I recently saw on my local news that a 91 year old Victorian women chained herself to a tree to protect naturalfrom being cut down by people wanting to build roads. I am truly amazed that this women has courage to do this and I think she has every right to stand up for what she believes in and quiet frankly I agree with her! Cutting down trees is basically cutting down all the animals homes, food source and will endanger more species. Imagine in 100 years time if we would tell our grandkids ''Yep back in my day we use to see kangaroos in the bush! ahh the good old days.'' Imagine how sad that would be? We need to stand up for our rights and what we believe in. Sadly despite this womens protest they actually cut down 1,000 trees in Victoria an hour after she unchained herself. Please sign the petition on this website http://www.thepetitionsite.com/environment-and-wildlife/national-parks-and-forests/





Wednesday, February 25, 2015

I want help - I need someone


Some people think I don't want to get better but that's not true. I really do want to get better but I am scared of the anxiety and I'm scared of going outside. I thought a good start would be to go to a quiet library and learn to get rid of my separation anxiety and agoraphobia (nice and quiet library) but I basically had to beg my mum to go and I'm so scared she will forget. The problem is everytime I have an idea to get better, it's a major struggle I wish my family was more on-board otherwise I'll be stuck forever. I feel like such a loser. 
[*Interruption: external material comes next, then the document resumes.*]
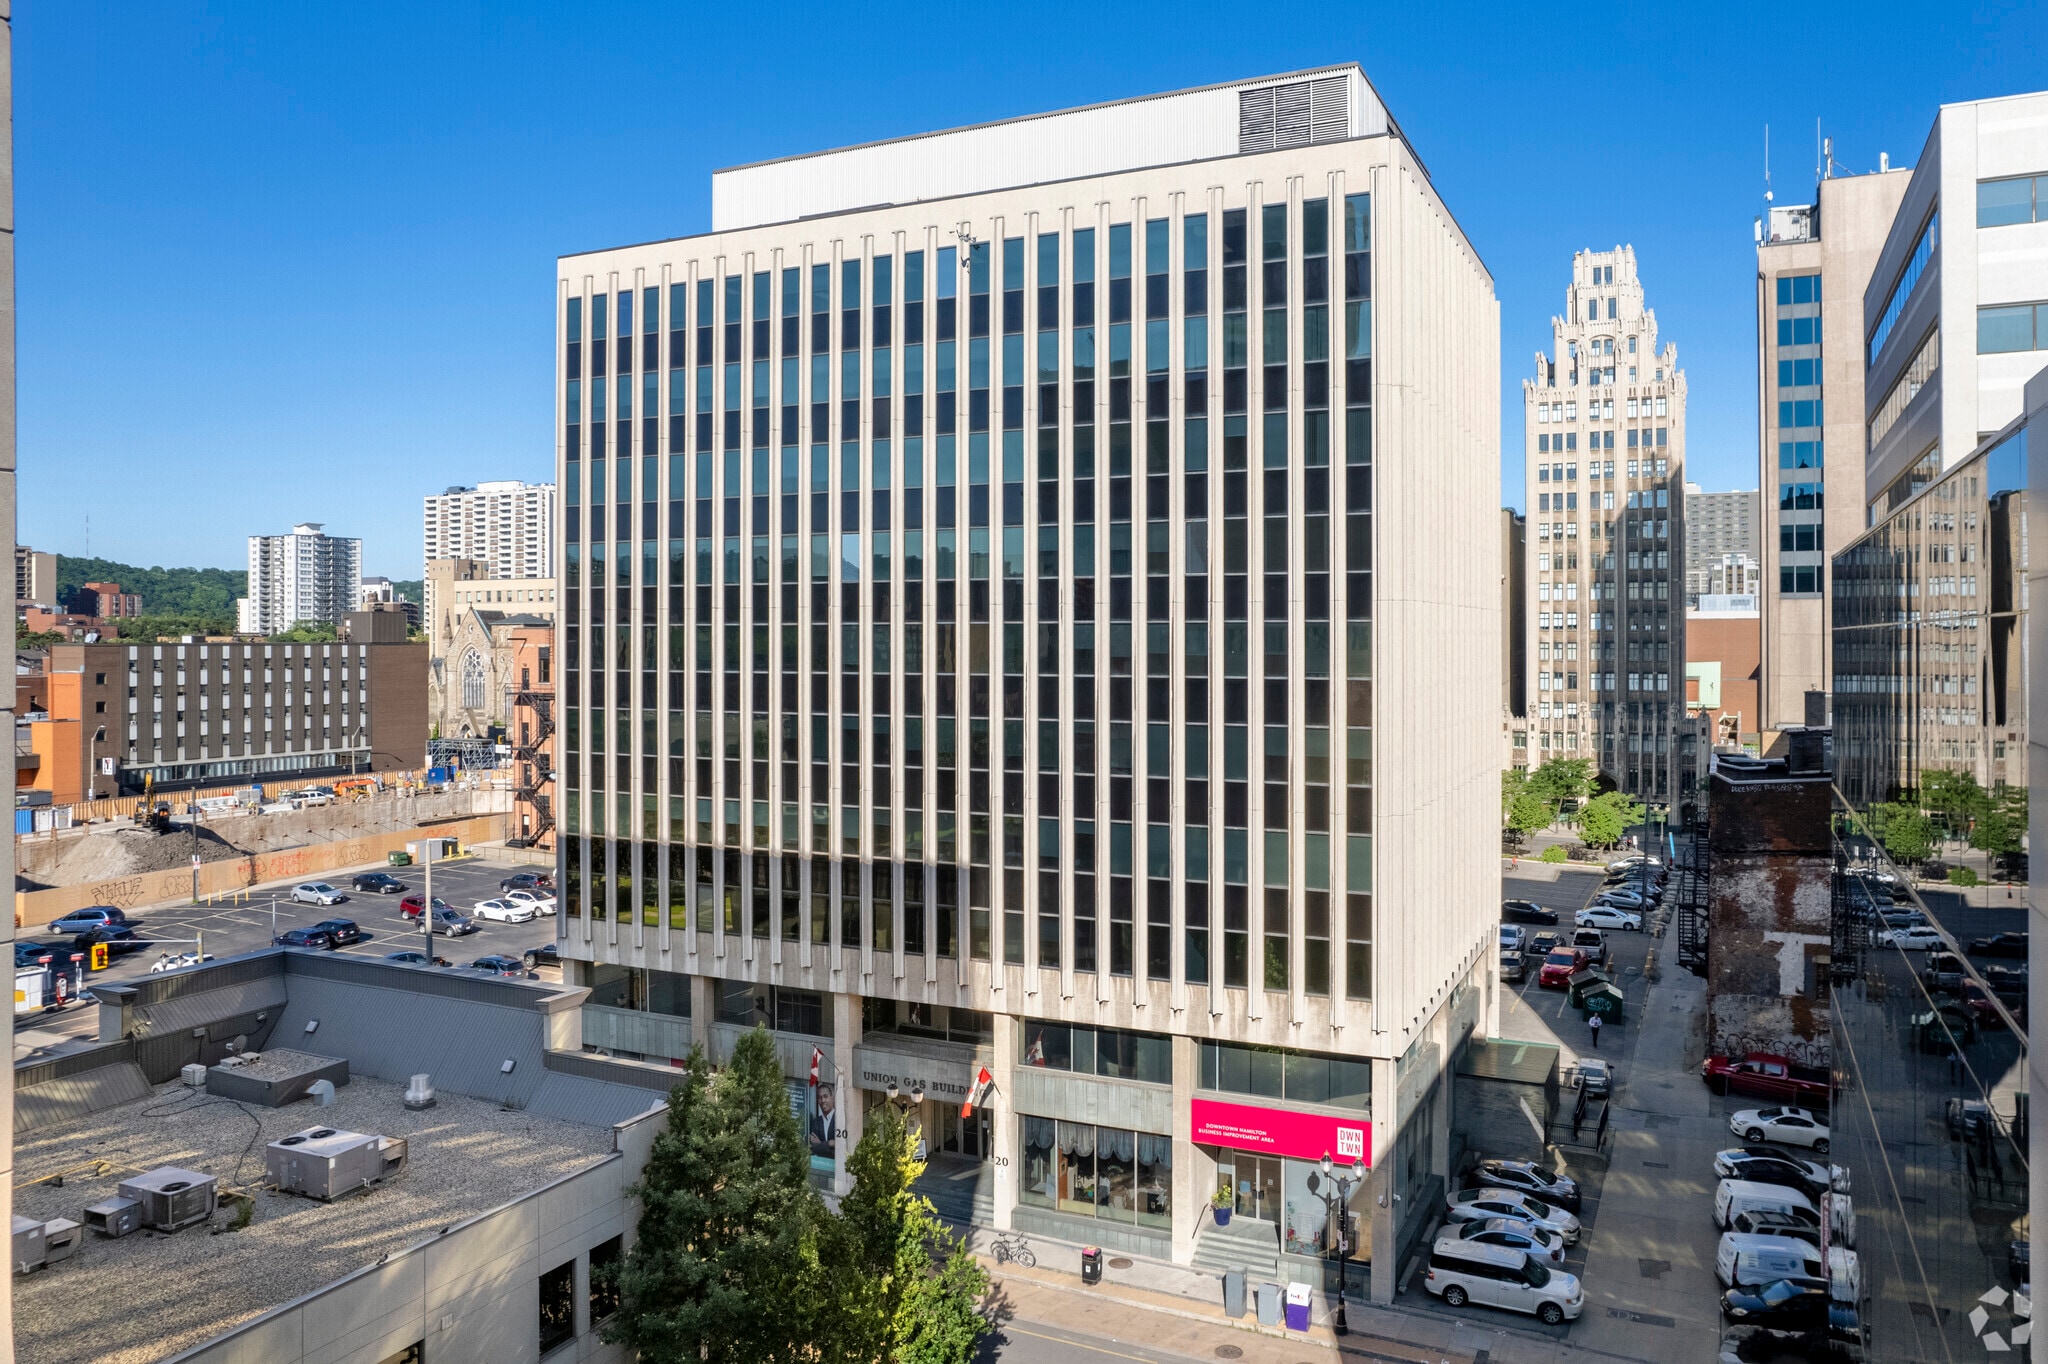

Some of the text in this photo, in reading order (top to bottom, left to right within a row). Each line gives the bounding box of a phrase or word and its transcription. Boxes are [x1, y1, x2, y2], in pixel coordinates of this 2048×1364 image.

I'm even scared to tell them my ideas. I also want to go to Artspace which is a cool program to learn art but I don't see that happening either. I self-harmed a few days ago, couldn't help it and it did feel really good. At least when I self-harm I see myself here for a reason because right now, I feel like I'm a waste of space and do not belong here. 

                                                             *****

If I do manage to get to the library I will get some chapter books and some education books on different subjects like weather and maybe animals or some history. I'm really interested in womens' rights. I will feel bad dragging my mum to the library because she hates libraries and books, and I know this will make her angry. 

I've had this fake 'fantasy' family in my head for around 2 years and I wish they were real because they are so good to me and I feel very much loved. In my fantasy family, I have no anxiety disorder either. Ugh why can't dreams come true?